For this exercise, return the line containing "this 2000×1327 image." and every line after it through the end of the records below, without alteration.

-*-

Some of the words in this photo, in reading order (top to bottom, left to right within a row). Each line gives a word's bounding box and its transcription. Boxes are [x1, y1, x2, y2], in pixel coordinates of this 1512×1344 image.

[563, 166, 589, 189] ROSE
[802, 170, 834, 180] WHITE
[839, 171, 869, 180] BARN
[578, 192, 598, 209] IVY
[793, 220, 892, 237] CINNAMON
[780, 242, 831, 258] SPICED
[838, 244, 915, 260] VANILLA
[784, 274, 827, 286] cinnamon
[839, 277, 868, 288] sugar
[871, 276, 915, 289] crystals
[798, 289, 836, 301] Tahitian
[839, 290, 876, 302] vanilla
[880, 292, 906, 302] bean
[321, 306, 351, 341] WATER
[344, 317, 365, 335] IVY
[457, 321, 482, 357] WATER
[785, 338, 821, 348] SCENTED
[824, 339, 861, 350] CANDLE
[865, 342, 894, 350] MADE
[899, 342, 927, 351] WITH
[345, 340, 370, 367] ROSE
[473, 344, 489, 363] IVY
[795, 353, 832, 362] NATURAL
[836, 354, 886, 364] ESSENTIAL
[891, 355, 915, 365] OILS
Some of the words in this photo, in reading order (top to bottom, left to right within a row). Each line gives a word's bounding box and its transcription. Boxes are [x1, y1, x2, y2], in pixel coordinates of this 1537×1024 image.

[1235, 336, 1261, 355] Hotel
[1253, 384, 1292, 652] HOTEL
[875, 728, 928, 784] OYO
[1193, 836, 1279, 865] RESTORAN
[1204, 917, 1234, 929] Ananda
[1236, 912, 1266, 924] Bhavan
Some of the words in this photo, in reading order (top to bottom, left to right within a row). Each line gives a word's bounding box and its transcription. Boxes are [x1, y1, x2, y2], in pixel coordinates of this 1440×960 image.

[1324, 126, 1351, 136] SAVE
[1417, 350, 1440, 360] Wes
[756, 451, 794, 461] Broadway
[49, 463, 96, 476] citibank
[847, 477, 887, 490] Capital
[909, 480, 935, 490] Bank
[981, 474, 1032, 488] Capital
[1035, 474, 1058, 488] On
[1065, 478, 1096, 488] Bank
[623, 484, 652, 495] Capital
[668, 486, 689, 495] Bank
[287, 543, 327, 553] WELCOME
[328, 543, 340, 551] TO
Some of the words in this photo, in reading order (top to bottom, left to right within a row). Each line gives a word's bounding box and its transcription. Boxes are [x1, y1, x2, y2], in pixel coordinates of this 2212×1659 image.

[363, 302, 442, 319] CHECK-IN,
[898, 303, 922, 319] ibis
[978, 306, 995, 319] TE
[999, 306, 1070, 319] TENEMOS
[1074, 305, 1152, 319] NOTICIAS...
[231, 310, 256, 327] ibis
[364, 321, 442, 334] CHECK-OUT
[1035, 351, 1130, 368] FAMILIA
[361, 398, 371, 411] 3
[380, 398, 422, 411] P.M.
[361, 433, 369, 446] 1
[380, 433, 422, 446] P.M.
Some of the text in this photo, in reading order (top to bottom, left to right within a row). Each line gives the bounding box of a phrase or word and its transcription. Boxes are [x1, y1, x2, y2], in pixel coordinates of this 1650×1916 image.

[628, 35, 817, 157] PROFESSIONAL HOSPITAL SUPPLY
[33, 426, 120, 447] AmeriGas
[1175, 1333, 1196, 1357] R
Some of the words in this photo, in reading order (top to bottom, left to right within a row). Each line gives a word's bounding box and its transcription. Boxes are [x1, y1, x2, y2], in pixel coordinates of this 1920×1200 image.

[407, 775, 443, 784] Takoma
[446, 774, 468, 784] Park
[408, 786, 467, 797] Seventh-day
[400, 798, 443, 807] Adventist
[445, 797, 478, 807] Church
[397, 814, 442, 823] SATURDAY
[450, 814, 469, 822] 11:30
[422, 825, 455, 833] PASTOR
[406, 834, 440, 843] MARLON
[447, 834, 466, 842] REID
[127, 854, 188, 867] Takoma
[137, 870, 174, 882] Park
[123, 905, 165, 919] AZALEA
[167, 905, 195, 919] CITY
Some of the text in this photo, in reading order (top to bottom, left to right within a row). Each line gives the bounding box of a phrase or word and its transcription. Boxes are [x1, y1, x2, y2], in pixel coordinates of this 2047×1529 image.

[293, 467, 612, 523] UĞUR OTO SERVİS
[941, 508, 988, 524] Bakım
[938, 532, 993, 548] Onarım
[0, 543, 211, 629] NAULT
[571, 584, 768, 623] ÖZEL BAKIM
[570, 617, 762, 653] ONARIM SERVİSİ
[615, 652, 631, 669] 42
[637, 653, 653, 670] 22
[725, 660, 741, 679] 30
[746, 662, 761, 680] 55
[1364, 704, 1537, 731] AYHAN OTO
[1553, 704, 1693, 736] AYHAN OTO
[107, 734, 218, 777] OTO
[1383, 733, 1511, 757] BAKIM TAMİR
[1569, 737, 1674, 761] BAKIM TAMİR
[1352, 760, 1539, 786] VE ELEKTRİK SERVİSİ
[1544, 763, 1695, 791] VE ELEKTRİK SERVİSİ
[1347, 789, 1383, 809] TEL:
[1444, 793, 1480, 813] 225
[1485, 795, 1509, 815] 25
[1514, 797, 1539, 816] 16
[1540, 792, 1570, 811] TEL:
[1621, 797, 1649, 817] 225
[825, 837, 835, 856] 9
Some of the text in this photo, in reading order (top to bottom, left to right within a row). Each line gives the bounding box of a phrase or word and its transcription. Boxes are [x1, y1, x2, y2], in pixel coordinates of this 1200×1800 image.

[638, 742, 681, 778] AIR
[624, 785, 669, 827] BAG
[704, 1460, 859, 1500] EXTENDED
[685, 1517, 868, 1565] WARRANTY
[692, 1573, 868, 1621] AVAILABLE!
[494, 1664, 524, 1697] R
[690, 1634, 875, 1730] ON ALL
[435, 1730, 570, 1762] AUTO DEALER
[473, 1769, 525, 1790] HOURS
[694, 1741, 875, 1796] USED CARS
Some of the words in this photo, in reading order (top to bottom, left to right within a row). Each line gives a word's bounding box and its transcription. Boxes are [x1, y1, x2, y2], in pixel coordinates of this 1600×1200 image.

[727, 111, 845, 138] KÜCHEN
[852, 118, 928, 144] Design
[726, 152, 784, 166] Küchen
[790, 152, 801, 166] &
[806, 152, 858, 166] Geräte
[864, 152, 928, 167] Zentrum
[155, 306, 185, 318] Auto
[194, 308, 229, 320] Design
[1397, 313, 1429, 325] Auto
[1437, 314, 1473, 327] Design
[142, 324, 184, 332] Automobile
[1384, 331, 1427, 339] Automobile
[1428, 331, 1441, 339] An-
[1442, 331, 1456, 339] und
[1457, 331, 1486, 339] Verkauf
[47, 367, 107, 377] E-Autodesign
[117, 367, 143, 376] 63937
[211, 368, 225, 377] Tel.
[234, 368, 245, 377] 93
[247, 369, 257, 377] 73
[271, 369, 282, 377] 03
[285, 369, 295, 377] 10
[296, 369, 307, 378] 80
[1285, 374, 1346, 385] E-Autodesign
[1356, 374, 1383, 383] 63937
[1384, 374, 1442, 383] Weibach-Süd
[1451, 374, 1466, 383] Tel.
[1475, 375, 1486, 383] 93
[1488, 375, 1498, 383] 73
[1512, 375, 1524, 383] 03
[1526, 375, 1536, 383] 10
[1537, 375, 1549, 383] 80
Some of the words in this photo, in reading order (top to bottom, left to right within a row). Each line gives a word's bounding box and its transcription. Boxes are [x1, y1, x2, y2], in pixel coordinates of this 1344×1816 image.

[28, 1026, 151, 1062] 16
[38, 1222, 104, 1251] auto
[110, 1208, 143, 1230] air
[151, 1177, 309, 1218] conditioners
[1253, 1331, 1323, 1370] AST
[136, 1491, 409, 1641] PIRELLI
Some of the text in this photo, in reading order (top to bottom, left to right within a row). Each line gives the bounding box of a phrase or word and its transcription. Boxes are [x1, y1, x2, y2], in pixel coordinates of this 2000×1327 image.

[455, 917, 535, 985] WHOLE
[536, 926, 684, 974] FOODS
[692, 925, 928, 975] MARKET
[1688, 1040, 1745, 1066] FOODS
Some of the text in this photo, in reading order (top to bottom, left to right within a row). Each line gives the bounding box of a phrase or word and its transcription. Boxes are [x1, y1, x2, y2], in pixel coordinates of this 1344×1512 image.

-*-

Your solution:
Some of the text in this photo, in reading order (top to bottom, left to right within a row). Each line gives the bounding box of a phrase or word and its transcription. Boxes are [x1, y1, x2, y2], in pixel coordinates of this 2000×1327 image.

[455, 917, 535, 985] WHOLE
[536, 926, 684, 974] FOODS
[692, 925, 928, 975] MARKET
[1688, 1040, 1745, 1066] FOODS
Some of the text in this photo, in reading order (top to bottom, left to right within a row). Each line gives the bounding box of a phrase or word and its transcription. Boxes are [x1, y1, x2, y2], in pixel coordinates of this 1344×1512 image.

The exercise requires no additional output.